Archive for January, 2014

3D Printing for Fun, Science & Libraries

January 31, 2014 Leave a comment

“Could new Maker Spaces together with a reinforced commitment to learning-by-doing create the next generation of tinkerers, fluent in advanced manufacturing and rapid prototyping techniques?” [1]

Rapid fabrication resonates particularly well with “mens et manus” , the MIT philosophy of combining learning and doing. And Neil Gershenfeld has noted that  MIT has had a long-standing joke that a student is allowed to graduate only when their thesis can walk out of the printer. 

For the last year, the Institute has been thoughtfully reflecting on the future of education, and how “doing” will remain a part of it.

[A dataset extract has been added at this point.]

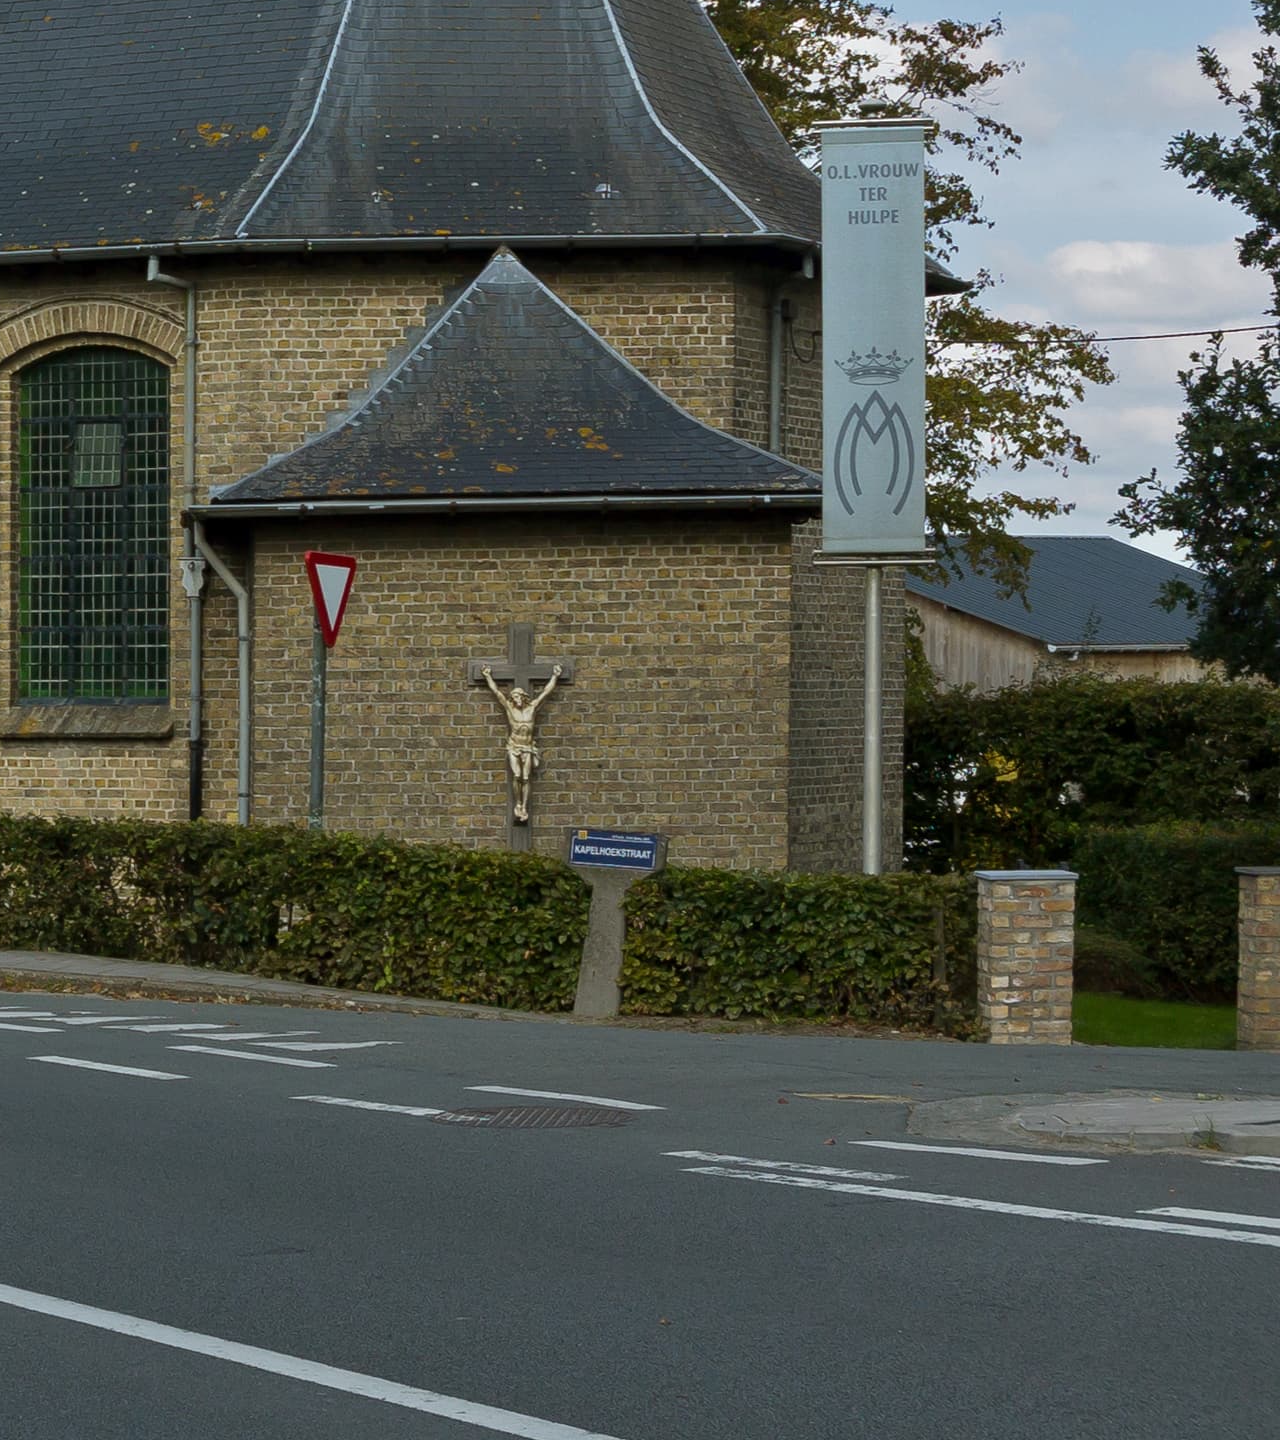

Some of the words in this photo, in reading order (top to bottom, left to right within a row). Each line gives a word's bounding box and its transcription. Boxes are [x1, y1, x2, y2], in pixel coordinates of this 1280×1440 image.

One exciting vision involves organizing around a combination of academic villages and maker spaces that catalyze and combine on-line activities, in-person interactions and hands-on experiences.

My colleague Matt Bernhardt  was prevailed upon to give an overview of some of the key technologies that promise to enable this future. Matt, who is the Libraries current Web Developer, was trained as an architect and  founded and ran a fabrication space at the University of Ohio, and is acting as an expert advisor. We collaborated to organize a workshop summarizing the current generation of rapid fabrication technologies as an IAP session and as part of the Program on Information Science Brown Bag Series.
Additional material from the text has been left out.